Publié en février 2014 par la toute jeune maison d’édition dakaroise Athéna (dont il faut vraiment que je vous parle prochainement en détail), le neuvième roman de Ken Bugul constitue pour moi une synthèse plutôt éclatante de son œuvre à ce jour.
Si la trilogie autobiographique (« Le baobab fou », « Cendres et braises », « Riwân ou le chemin de sable »), écriture cathartique essentielle de la part de l’auteur, traitait avant tout de la terrible fêlure intime d’une vie sénégalaise marquée par l’absence familiale et le rejet par une société traditionnelle après un échec, ressenti jusque dans sa chair et son âme, de l’exploration de la modernité occidentale, et de la quête de l’apaisement qui s’ensuit, « Aller et retour » utilise ce parcours singulier comme un matériau premier et une métaphore extrêmement puissante de l’évolution politique et sociale du Sénégal au cours des années 60, 70 et 80, confrontant l’itinéraire de sa narratrice, ayant « perdu sa tête » à l’étranger et errant désormais, sans abri, entre communautés d’artistes et trop rares généreux poètes, et l’accumulation des « occasions ratées » ayant suivi l’indépendance du Sénégal, pays qui a lui-même précocement « perdu sa tête ».
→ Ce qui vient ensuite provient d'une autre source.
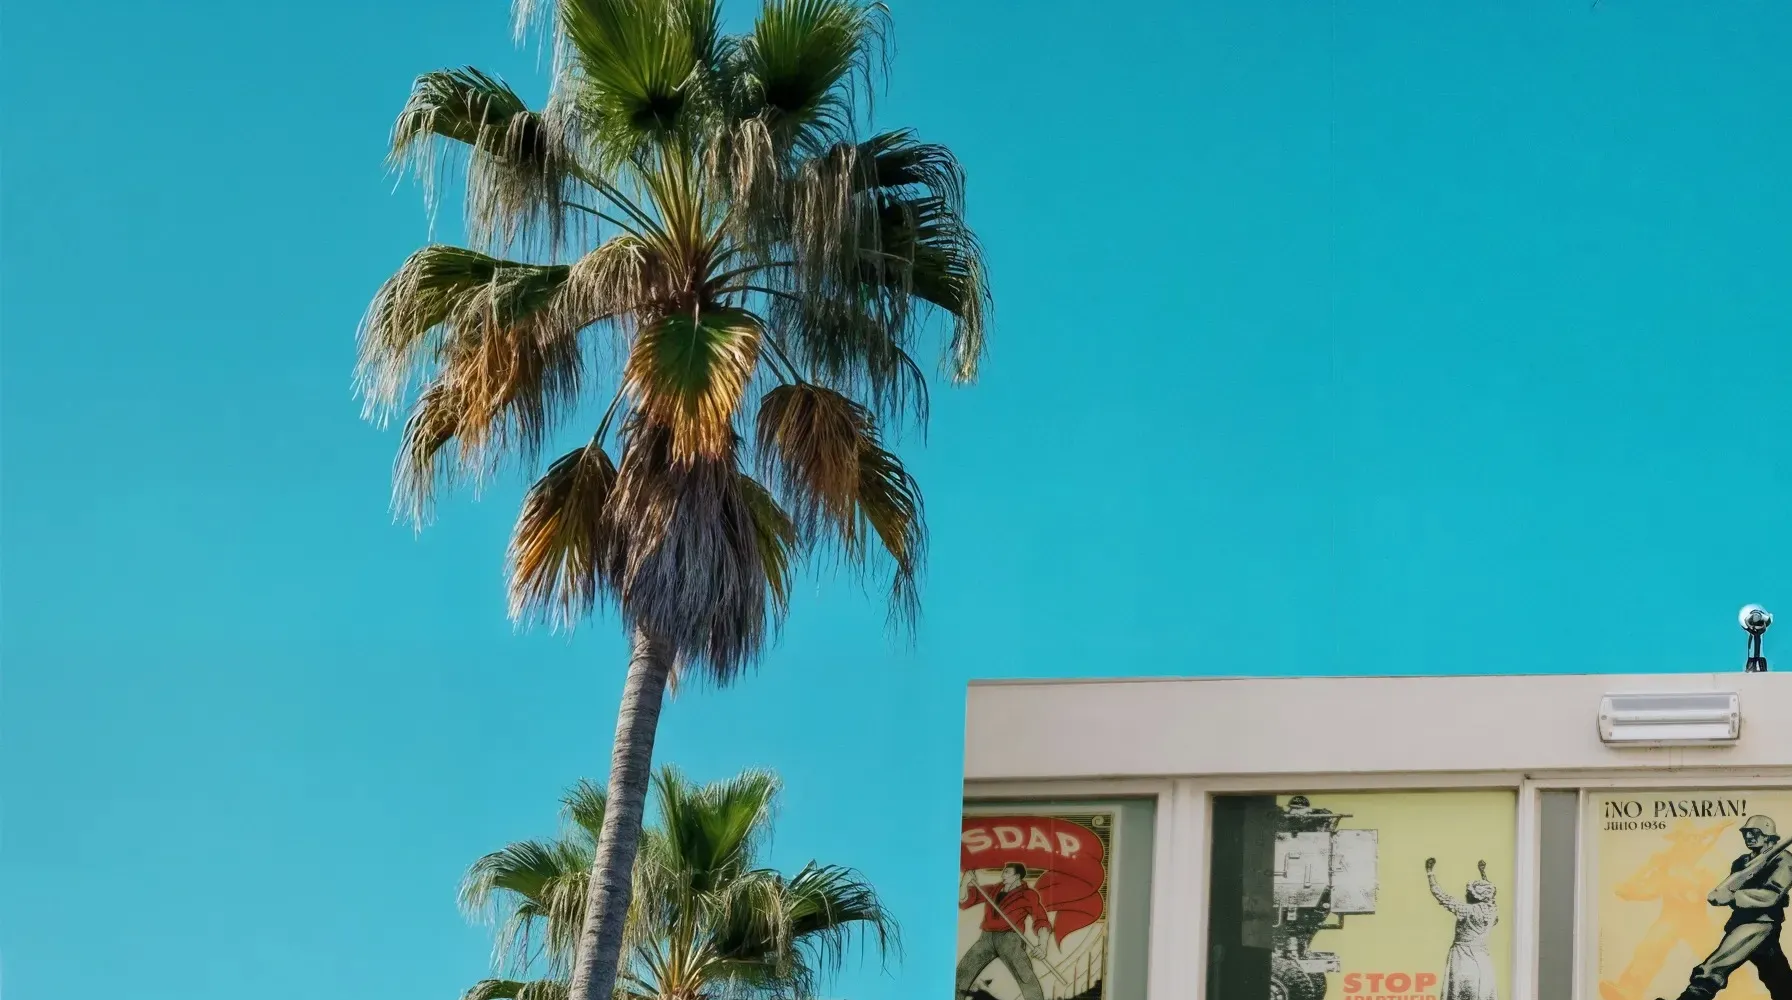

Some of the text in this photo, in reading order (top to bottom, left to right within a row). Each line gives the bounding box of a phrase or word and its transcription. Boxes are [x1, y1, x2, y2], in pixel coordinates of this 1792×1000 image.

[1604, 800, 1643, 819] ¡NO
[1604, 821, 1667, 831] JULIO 1936
[1342, 973, 1437, 993] STOP
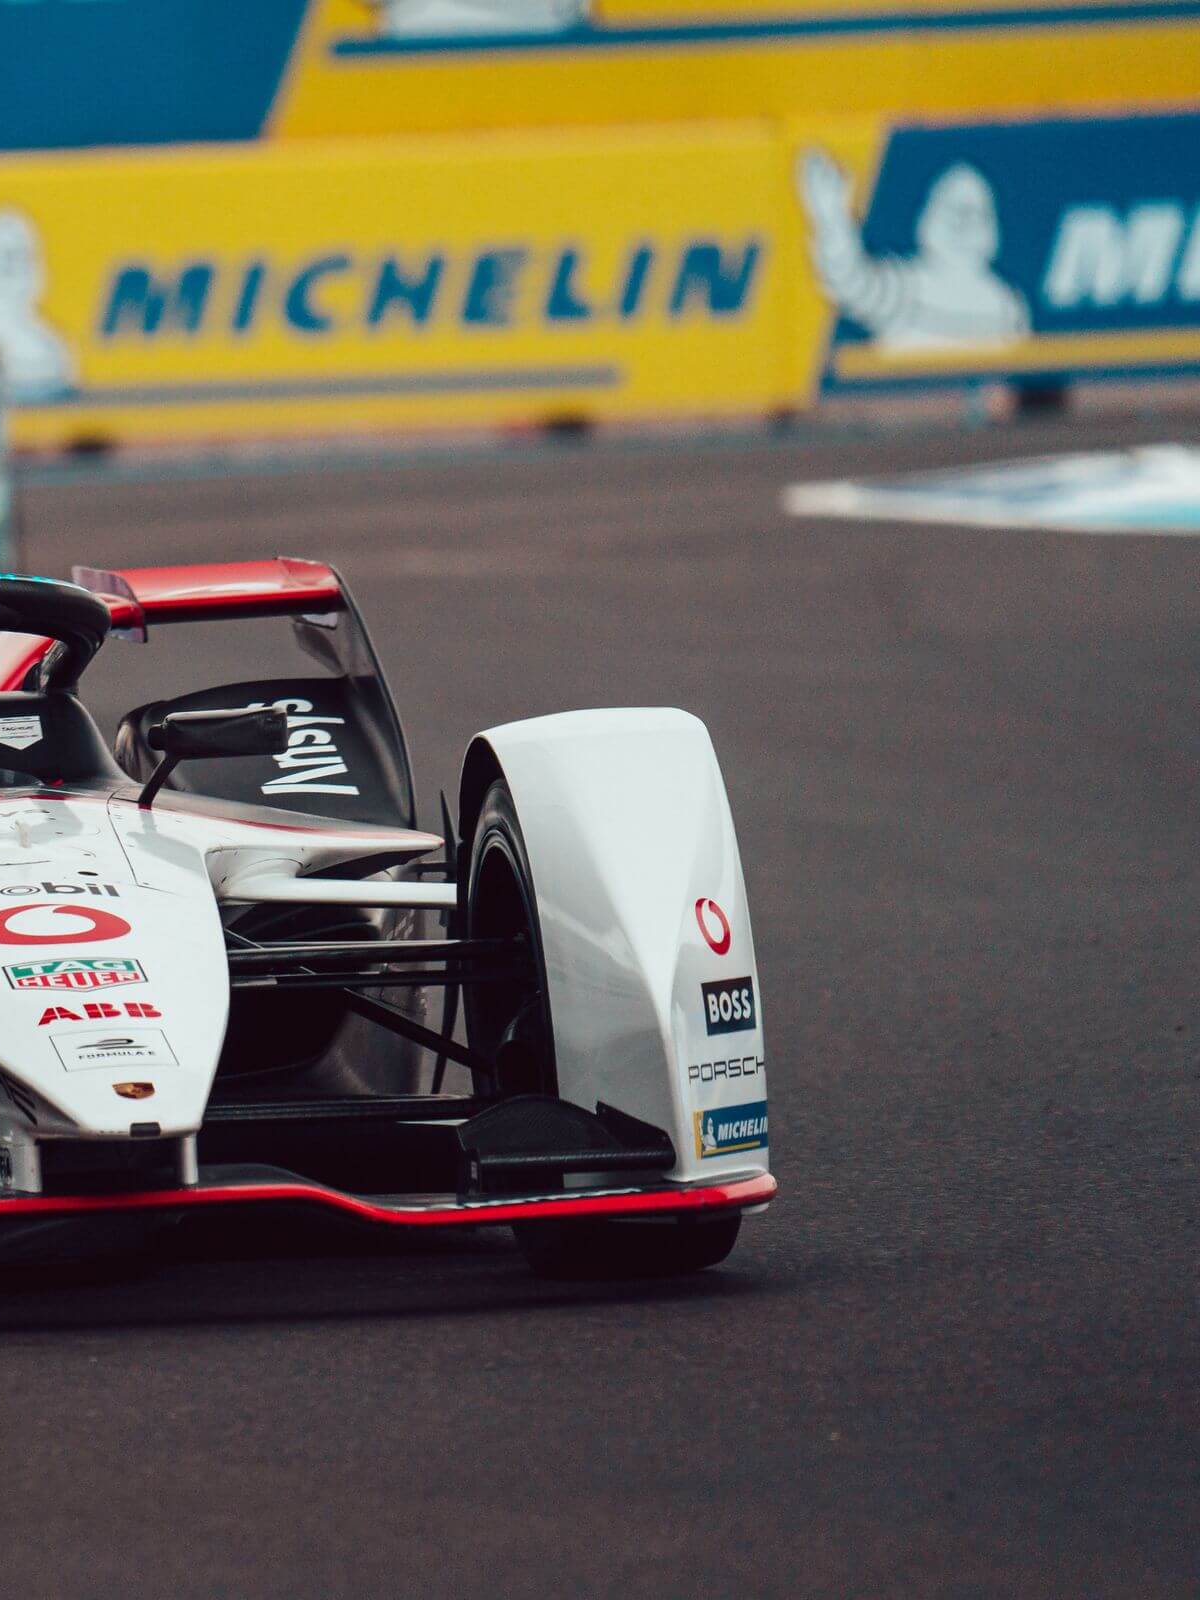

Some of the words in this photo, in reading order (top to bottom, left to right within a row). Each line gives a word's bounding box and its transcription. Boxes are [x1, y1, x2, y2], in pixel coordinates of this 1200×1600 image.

[100, 243, 758, 336] MICHELIN
[17, 960, 130, 975] TAG
[18, 971, 138, 988] HEUER
[38, 1003, 162, 1025] ABB
[707, 988, 752, 1023] BOSS
[78, 1050, 144, 1060] FORMULA
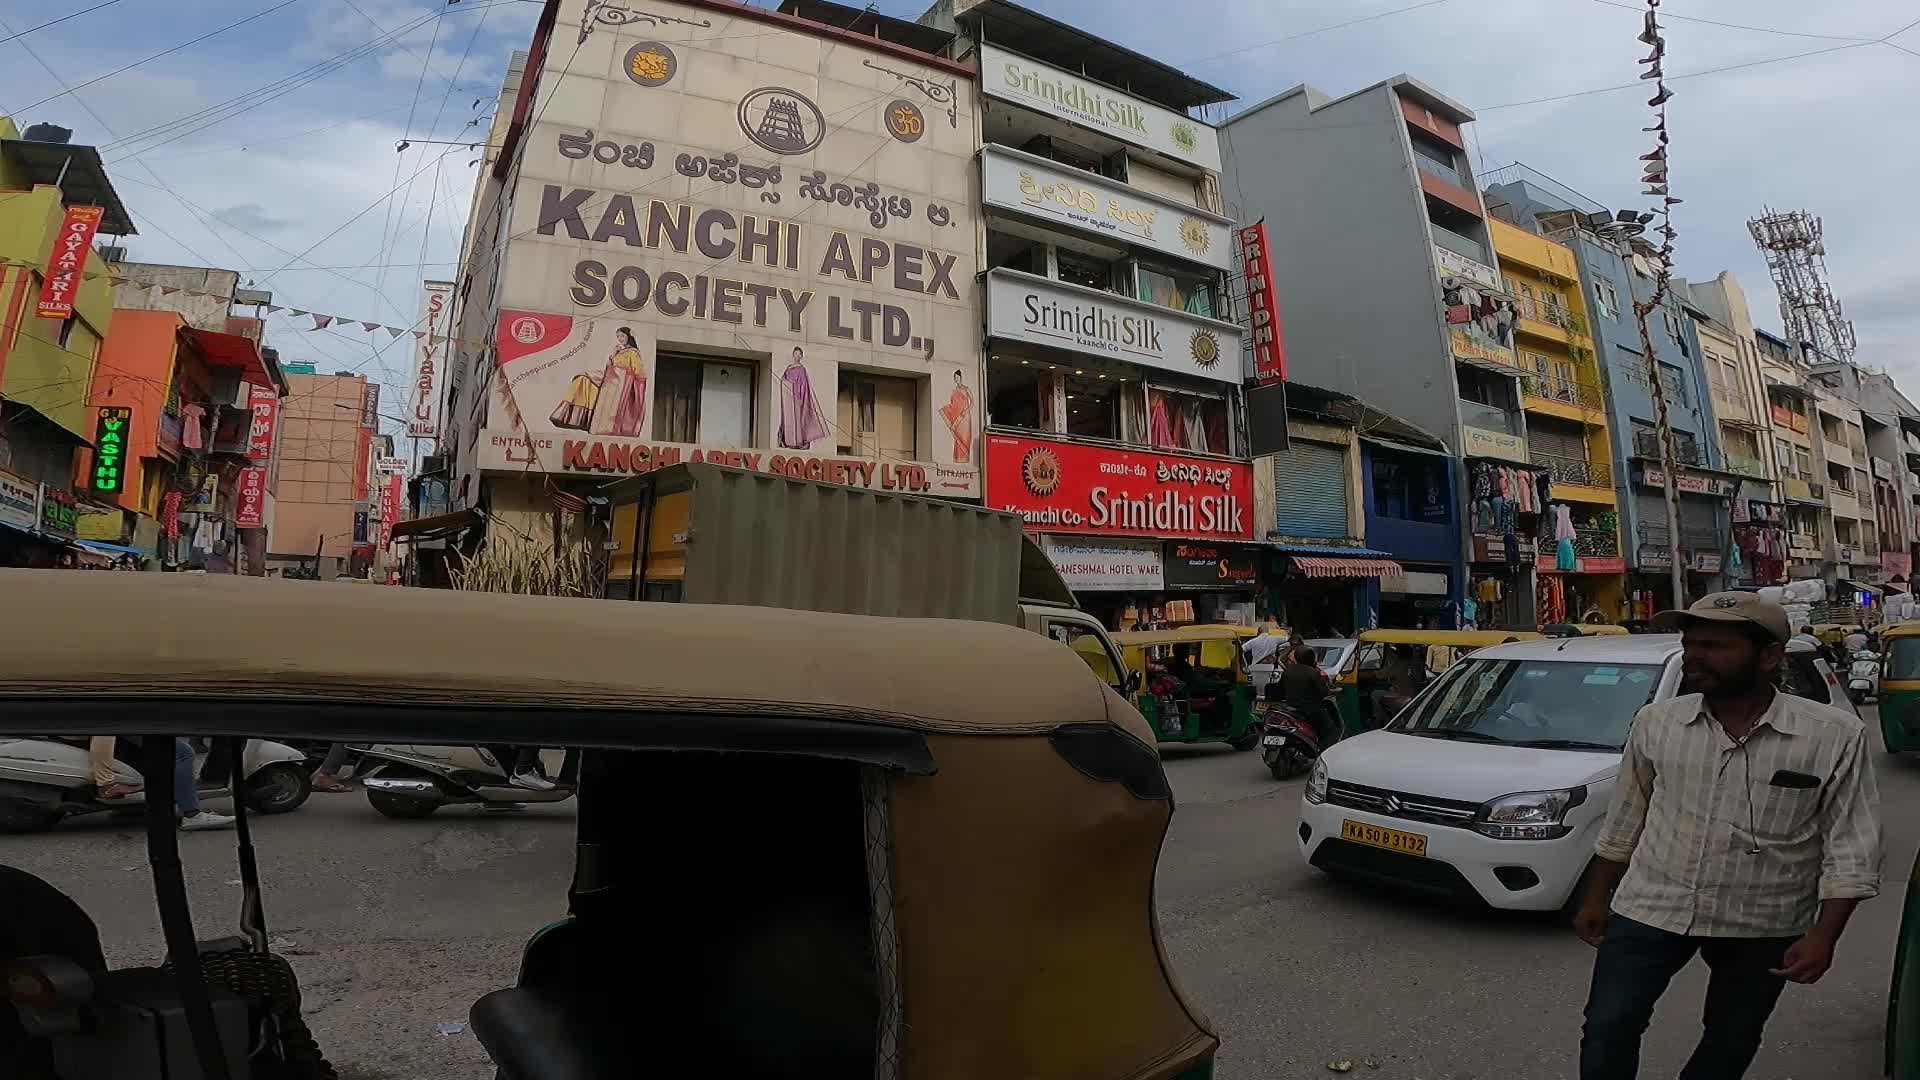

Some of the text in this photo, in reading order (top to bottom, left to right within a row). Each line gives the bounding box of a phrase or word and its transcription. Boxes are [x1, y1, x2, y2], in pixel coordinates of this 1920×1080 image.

C’est grâce à cette métaphore effleurant par moments le fantastique, jouant avec une souple chronologie qui autorise le vagabondage intellectuel et historique, que Ken Bugul, rassemblant aussi les munitions colorées de joie populaire et de ruse des démunis qui parsemaient si joliment « Rue Félix-Faure », peut aborder le cœur de l’échec de la démocratie ouest-africaine parodiant l’ancien colonisateur et finissant par courber l’échine sous la main du « nouveau bourreau » et de ses plans d’ajustement structurel mortifères, engendrant profits accrus pour quelques-uns et malheurs croissants pour la majorité.
Les longs arpentages à pied de la ville de Dakar / Ndakaaru, les poignantes et belles descriptions de ses lieux et de son tissu social si malmené étendent ainsi à l’exemplaire (du point de vue occidental) Sénégal, à ses nombreux maux cachés mais virulents, la critique socio-politique précédemment réservée aux dictatures dans « La folie ou la mort », et seulement esquissée à propos des « vertueuses » transitions ouest-africaines dans « La pièce d’or ».
D’une écriture qui oscille en permanence entre poésie diffuse de la précarité assumée et violence de la critique envers ce qui écrase, ignore et use les humbles, Ken Bugul nous offre une bien belle histoire de résistance, de ténacité, et d’espoir qui couve encore et toujours malgré l’épaisseur de la cendre corruptrice répandue par un pouvoir doucement vendu aux nantis.
« Bigué avait besoin de parler à quelqu’un pour retrouver « sa tête » qu’elle avait arrachée au Général, lors de la confronta- tion. Celui-ci ne voulant pas s’avouer vaincu, usa de sortilèges normands, bretons ou lorrains et Bigué égara « sa tête ». Ce fut son ami, son frère, Abdou Salam Kane, paix à son âme, qui lui conseilla d’écrire au lieu de parler, et lui remit ce jour-là un billet de mille francs Cfa. Avec cette somme, Bigué acheta un cahier et un Bic noir dans une petite boutique tenue par un Peul du Fouta, sur l’avenue Albert Sarraut. Il lui restait de la mon- naie avec laquelle elle acheta des bonbons au gingembre.
L’écriture pouvait l’aider à retrouver « sa tête ». Et depuis, elle avait son cahier et son Bic avec elle où qu’elle se trouve. Sur la couverture du cahier elle faisait des gribouillis, dans les cafés, les bars ou sur les genoux, assise sur un banc public. L’abstraction de ces gribouillis reflétait son état général. »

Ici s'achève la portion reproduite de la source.